Una precipitada desescalada

Una pareja caminando por un bosque. / Pixabay
Pareja caminando por un bosque. / Free-Photos. / Pixabay
Un urbanita, haciendo “vida normal”, contagiaría a 7 individuos. En un entorno “no urbanita” contagiaría a 2 personas.
Una precipitada desescalada

La propuesta de desescalada es lógica y bien recibida ya que las personas necesitamos volver a esas rutinas que tanto nos ha costado asimilar, a pesar de que podríamos adaptarnos perfectamente a otras nuevas. Por ejemplo, hoy en día la compra se hace de forma más cómoda y agradable pero en cambio, no podemos ir a un estadio de fútbol a ver jugar a nuestro equipo favorito. Pero lo cierto es que a falta de obtener rendimientos significativos en el tratamiento del Covid-19, hemos modificado nuestros hábitos para retrasar el impacto de esta pandemia.

La verdad es que no hay ninguna razón de índole sanitaria para justificar la desescalada, pero la economía nos pide paso y parece ser que nos vemos abocados a hacer un cruel trueque entre los fallecidos y los desempleados.

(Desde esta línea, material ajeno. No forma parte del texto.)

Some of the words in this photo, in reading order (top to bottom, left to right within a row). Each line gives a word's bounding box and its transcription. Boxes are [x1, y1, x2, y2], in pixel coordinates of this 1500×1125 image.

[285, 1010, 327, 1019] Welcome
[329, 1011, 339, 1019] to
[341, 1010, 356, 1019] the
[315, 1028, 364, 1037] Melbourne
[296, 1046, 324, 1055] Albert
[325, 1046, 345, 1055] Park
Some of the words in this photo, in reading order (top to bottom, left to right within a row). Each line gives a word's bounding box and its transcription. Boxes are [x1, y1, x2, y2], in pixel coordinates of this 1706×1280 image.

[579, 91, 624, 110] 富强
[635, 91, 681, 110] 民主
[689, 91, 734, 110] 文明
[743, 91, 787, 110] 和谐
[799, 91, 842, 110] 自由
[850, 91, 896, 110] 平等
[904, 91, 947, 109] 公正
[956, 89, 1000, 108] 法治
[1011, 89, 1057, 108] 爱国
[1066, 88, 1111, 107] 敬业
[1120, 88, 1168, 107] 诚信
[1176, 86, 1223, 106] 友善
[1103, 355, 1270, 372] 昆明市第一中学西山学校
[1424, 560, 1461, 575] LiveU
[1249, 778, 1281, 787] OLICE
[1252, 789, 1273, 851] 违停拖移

Si ponemos el foco en el coronavirus, nosotros seríamos “el ambiente” y como tal, el objetivo de su desarrollo y evolución. Si le somos favorables, el coronavirus se encontrará a sus anchas mientras que si entorpecemos su actividad, su propagación se verá comprometida.

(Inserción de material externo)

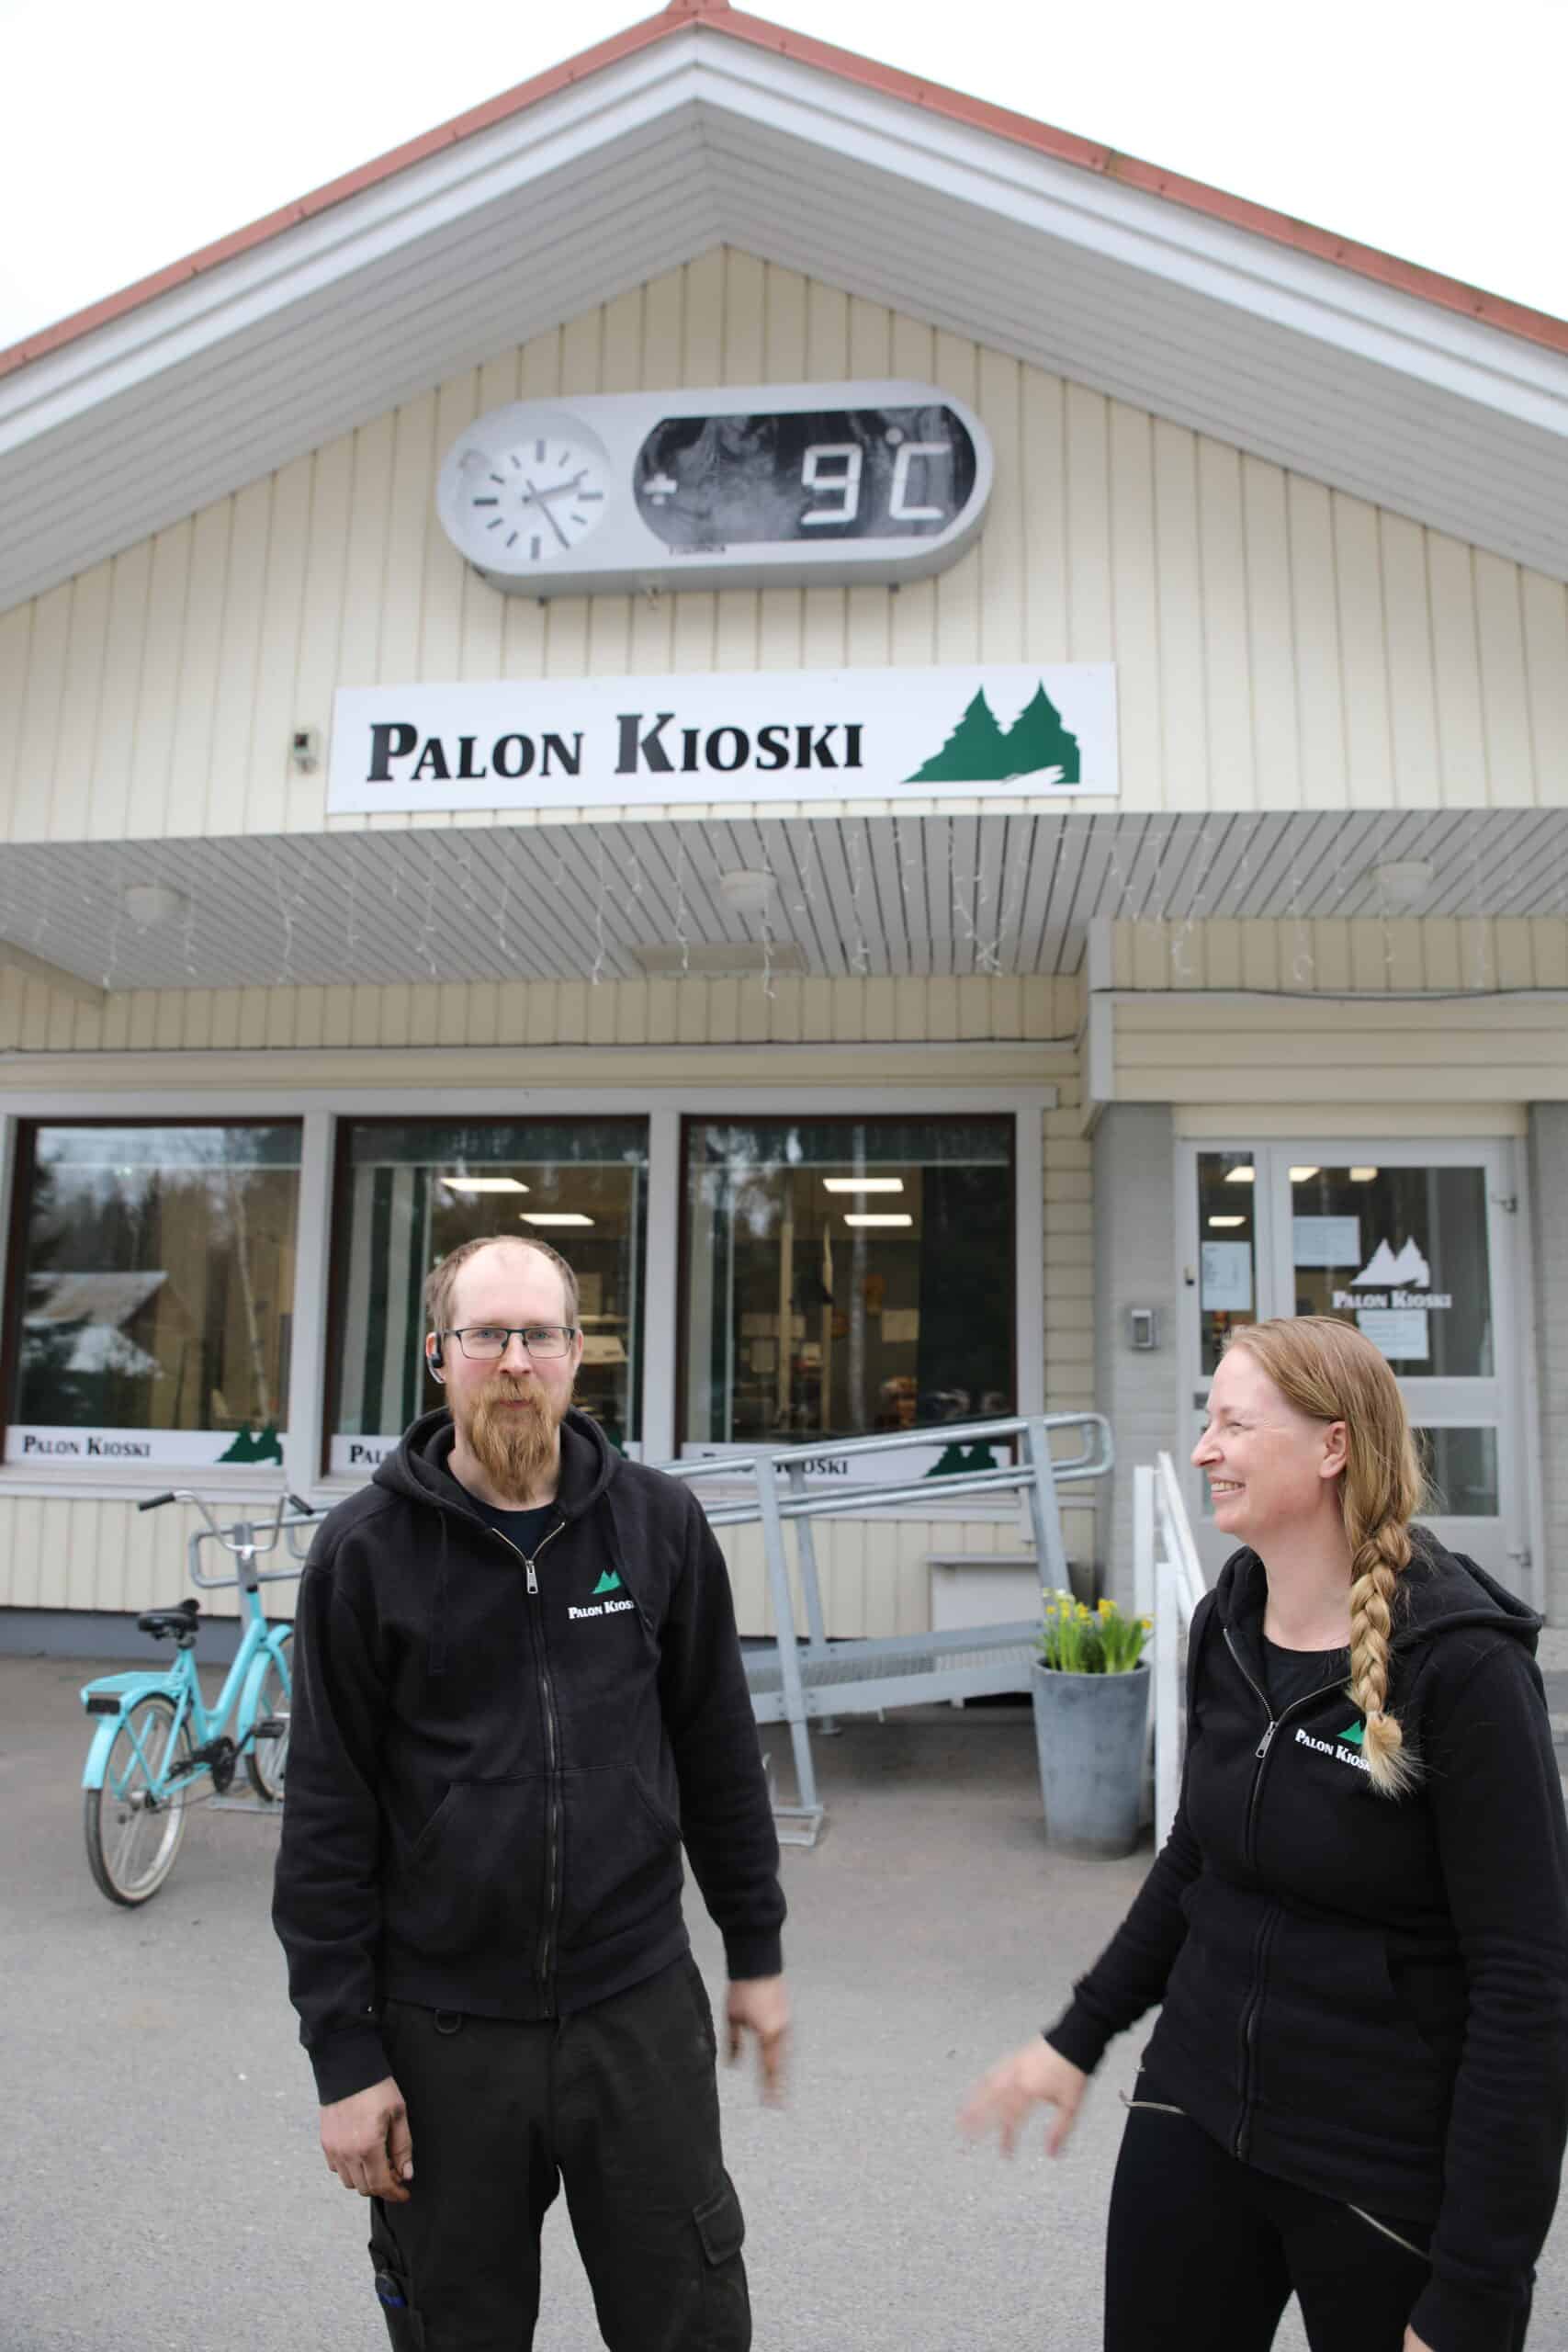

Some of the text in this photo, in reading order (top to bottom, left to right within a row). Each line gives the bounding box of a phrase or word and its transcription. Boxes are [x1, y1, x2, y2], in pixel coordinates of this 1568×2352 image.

Como sabe, en los aspectos clínicos existen muchas y variadas opciones entre las que se encuentran tratamientos con retrovirales y vacunas que buscan afanosamente la inhibición de la proteína S que se engancha con tenacidad a las células afectadas, usurpando su material genético y con ello, su metabolismo. Por ello, muchos laboratorios dotados de excelentes científicos se encuentran sometidos a una intensa presión para encontrar alivio a las consecuencias de la pandemia, ya sea de manera temporal, intermitente o permanente.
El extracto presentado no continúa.